→ **Problem requirements**: In this exercise, every entry is to be transcribed exactly as written.

→ **Data extract**:
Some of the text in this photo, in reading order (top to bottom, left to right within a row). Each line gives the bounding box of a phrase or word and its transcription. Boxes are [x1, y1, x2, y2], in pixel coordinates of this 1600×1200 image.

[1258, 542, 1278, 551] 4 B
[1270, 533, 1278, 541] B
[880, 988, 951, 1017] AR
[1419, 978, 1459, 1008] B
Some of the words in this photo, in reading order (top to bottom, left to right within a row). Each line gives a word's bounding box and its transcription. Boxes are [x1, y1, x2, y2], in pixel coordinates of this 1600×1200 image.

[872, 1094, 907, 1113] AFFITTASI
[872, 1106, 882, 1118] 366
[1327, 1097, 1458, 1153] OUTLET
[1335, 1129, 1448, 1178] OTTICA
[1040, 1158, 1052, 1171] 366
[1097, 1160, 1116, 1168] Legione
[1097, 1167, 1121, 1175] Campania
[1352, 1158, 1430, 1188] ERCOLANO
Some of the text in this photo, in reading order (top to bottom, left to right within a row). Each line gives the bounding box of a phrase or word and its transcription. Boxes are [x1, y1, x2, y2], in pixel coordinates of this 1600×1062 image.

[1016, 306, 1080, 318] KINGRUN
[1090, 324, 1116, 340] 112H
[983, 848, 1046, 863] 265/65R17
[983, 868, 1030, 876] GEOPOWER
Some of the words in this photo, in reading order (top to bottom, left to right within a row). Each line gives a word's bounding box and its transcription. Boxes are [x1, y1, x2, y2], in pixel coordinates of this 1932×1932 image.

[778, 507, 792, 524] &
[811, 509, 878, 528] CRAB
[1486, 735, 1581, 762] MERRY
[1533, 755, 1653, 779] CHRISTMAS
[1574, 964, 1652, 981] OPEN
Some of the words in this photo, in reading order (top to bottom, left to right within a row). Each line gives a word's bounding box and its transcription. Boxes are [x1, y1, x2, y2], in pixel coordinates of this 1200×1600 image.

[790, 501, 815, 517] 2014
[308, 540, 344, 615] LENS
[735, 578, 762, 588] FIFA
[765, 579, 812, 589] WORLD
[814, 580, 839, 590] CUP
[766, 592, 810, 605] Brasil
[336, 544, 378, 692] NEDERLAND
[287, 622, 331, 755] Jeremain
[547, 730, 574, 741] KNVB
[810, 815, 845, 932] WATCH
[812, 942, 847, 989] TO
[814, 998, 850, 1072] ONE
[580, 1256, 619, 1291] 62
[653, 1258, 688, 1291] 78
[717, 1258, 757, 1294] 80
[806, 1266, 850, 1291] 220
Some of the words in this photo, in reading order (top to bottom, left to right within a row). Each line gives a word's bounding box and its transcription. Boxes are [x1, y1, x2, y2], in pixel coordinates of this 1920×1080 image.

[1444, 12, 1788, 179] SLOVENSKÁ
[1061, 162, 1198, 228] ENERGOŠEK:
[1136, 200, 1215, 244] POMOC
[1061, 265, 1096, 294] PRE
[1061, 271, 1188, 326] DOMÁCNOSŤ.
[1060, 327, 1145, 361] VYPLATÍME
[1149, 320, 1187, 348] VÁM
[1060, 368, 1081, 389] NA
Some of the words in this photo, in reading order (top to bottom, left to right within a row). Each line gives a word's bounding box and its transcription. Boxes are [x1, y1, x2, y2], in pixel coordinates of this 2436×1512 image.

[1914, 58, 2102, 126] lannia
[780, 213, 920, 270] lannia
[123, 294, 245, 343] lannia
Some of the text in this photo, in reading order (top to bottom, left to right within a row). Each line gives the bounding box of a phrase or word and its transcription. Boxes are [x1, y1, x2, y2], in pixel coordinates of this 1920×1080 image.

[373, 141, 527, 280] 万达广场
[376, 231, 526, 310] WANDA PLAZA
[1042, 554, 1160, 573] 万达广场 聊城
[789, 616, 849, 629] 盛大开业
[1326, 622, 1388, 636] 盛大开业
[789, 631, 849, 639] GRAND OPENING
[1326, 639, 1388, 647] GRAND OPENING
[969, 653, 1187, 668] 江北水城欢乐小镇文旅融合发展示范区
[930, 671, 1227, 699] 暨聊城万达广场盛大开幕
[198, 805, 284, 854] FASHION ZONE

→ **Task result**:
Some of the text in this photo, in reading order (top to bottom, left to right within a row). Each line gives the bounding box of a phrase or word and its transcription. Boxes are [x1, y1, x2, y2], in pixel coordinates of this 1600×1200 image.

[1258, 542, 1278, 551] 4 B
[1270, 533, 1278, 541] B
[880, 988, 951, 1017] AR
[1419, 978, 1459, 1008] B
Some of the words in this photo, in reading order (top to bottom, left to right within a row). Each line gives a word's bounding box and its transcription. Boxes are [x1, y1, x2, y2], in pixel coordinates of this 1600×1200 image.

[872, 1094, 907, 1113] AFFITTASI
[872, 1106, 882, 1118] 366
[1327, 1097, 1458, 1153] OUTLET
[1335, 1129, 1448, 1178] OTTICA
[1040, 1158, 1052, 1171] 366
[1097, 1160, 1116, 1168] Legione
[1097, 1167, 1121, 1175] Campania
[1352, 1158, 1430, 1188] ERCOLANO
Some of the text in this photo, in reading order (top to bottom, left to right within a row). Each line gives the bounding box of a phrase or word and its transcription. Boxes are [x1, y1, x2, y2], in pixel coordinates of this 1600×1062 image.

[1016, 306, 1080, 318] KINGRUN
[1090, 324, 1116, 340] 112H
[983, 848, 1046, 863] 265/65R17
[983, 868, 1030, 876] GEOPOWER
Some of the words in this photo, in reading order (top to bottom, left to right within a row). Each line gives a word's bounding box and its transcription. Boxes are [x1, y1, x2, y2], in pixel coordinates of this 1932×1932 image.

[778, 507, 792, 524] &
[811, 509, 878, 528] CRAB
[1486, 735, 1581, 762] MERRY
[1533, 755, 1653, 779] CHRISTMAS
[1574, 964, 1652, 981] OPEN
Some of the words in this photo, in reading order (top to bottom, left to right within a row). Each line gives a word's bounding box and its transcription. Boxes are [x1, y1, x2, y2], in pixel coordinates of this 1200×1600 image.

[790, 501, 815, 517] 2014
[308, 540, 344, 615] LENS
[735, 578, 762, 588] FIFA
[765, 579, 812, 589] WORLD
[814, 580, 839, 590] CUP
[766, 592, 810, 605] Brasil
[336, 544, 378, 692] NEDERLAND
[287, 622, 331, 755] Jeremain
[547, 730, 574, 741] KNVB
[810, 815, 845, 932] WATCH
[812, 942, 847, 989] TO
[814, 998, 850, 1072] ONE
[580, 1256, 619, 1291] 62
[653, 1258, 688, 1291] 78
[717, 1258, 757, 1294] 80
[806, 1266, 850, 1291] 220
Some of the words in this photo, in reading order (top to bottom, left to right within a row). Each line gives a word's bounding box and its transcription. Boxes are [x1, y1, x2, y2], in pixel coordinates of this 1920×1080 image.

[1444, 12, 1788, 179] SLOVENSKÁ
[1061, 162, 1198, 228] ENERGOŠEK:
[1136, 200, 1215, 244] POMOC
[1061, 265, 1096, 294] PRE
[1061, 271, 1188, 326] DOMÁCNOSŤ.
[1060, 327, 1145, 361] VYPLATÍME
[1149, 320, 1187, 348] VÁM
[1060, 368, 1081, 389] NA
Some of the words in this photo, in reading order (top to bottom, left to right within a row). Each line gives a word's bounding box and its transcription. Boxes are [x1, y1, x2, y2], in pixel coordinates of this 2436×1512 image.

[1914, 58, 2102, 126] lannia
[780, 213, 920, 270] lannia
[123, 294, 245, 343] lannia
Some of the text in this photo, in reading order (top to bottom, left to right within a row). Each line gives the bounding box of a phrase or word and its transcription. Boxes are [x1, y1, x2, y2], in pixel coordinates of this 1920×1080 image.

[373, 141, 527, 280] 万达广场
[376, 231, 526, 310] WANDA PLAZA
[1042, 554, 1160, 573] 万达广场 聊城
[789, 616, 849, 629] 盛大开业
[1326, 622, 1388, 636] 盛大开业
[789, 631, 849, 639] GRAND OPENING
[1326, 639, 1388, 647] GRAND OPENING
[969, 653, 1187, 668] 江北水城欢乐小镇文旅融合发展示范区
[930, 671, 1227, 699] 暨聊城万达广场盛大开幕
[198, 805, 284, 854] FASHION ZONE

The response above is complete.